Die Vereinigten Staaten von Amerika, Europäische Union, NATO und der Internationale Währungsfonds spielen ebenfalls eine wichtige Rolle. Aus auf den ersten Blick unerklärlichen Gründen erkennen die USA eine illegitime Regierung der Ukraine an und drohen Russland mit Sanktionen. Kanzlerin Merkel nahm trotz scharfer Worte ihre gewohnte Wartehaltung ein. Die NATO ruft jetzt „zu einer Lösung durch einen bilateralen Dialog“. Die Frage ist nun: Wer soll mit wem reden? Der Weltwährungsfond könnte der Ukraine einen Kredit gewähren, die Wunschsumme ist inzwischen auf 35 Milliarden Dollar angestiegen, aber niemand wirft gerne Geld in ein Fass ohne Boden. Schließlich bleibt Russland, das praktischerweise Militärmanöver in der Nähe des Krisenstaates führt.
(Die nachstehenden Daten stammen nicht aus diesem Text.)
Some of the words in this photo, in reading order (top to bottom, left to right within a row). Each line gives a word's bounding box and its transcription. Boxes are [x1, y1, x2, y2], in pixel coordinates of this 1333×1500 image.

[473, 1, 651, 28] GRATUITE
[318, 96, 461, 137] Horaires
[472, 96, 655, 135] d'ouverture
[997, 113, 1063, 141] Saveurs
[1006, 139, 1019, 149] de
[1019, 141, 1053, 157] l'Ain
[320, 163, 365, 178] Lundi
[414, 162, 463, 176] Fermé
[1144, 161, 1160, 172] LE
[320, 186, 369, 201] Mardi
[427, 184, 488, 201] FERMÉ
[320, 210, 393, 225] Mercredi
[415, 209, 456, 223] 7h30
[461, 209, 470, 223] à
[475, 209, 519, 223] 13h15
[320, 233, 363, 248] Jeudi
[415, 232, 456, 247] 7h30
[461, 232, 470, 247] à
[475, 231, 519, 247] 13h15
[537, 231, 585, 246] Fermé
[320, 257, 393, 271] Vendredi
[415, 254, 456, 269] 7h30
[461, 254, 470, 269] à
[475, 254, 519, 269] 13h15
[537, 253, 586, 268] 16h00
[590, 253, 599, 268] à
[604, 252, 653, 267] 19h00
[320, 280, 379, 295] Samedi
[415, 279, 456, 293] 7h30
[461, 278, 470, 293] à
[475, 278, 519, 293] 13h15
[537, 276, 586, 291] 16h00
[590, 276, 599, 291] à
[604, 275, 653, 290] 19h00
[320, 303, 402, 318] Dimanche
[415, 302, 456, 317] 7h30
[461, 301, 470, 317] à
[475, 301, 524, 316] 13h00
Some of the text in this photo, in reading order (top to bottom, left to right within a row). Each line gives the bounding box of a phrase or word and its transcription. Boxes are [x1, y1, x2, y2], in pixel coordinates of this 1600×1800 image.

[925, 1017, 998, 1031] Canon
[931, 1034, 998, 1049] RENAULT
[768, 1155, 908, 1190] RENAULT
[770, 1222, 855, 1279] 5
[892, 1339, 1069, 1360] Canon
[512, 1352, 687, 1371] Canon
Sollte es hart auf hart kommen, wird es zu einer de jure Spaltung des de facto bereits gespaltenen Landes kommen. Man kann jetzt darüber diskutieren, wo die neue Grenze verlaufen wird. Die Einmischung der USA oder der NATO bringt die Welt entweder vor oder weit hinter den Abgrund.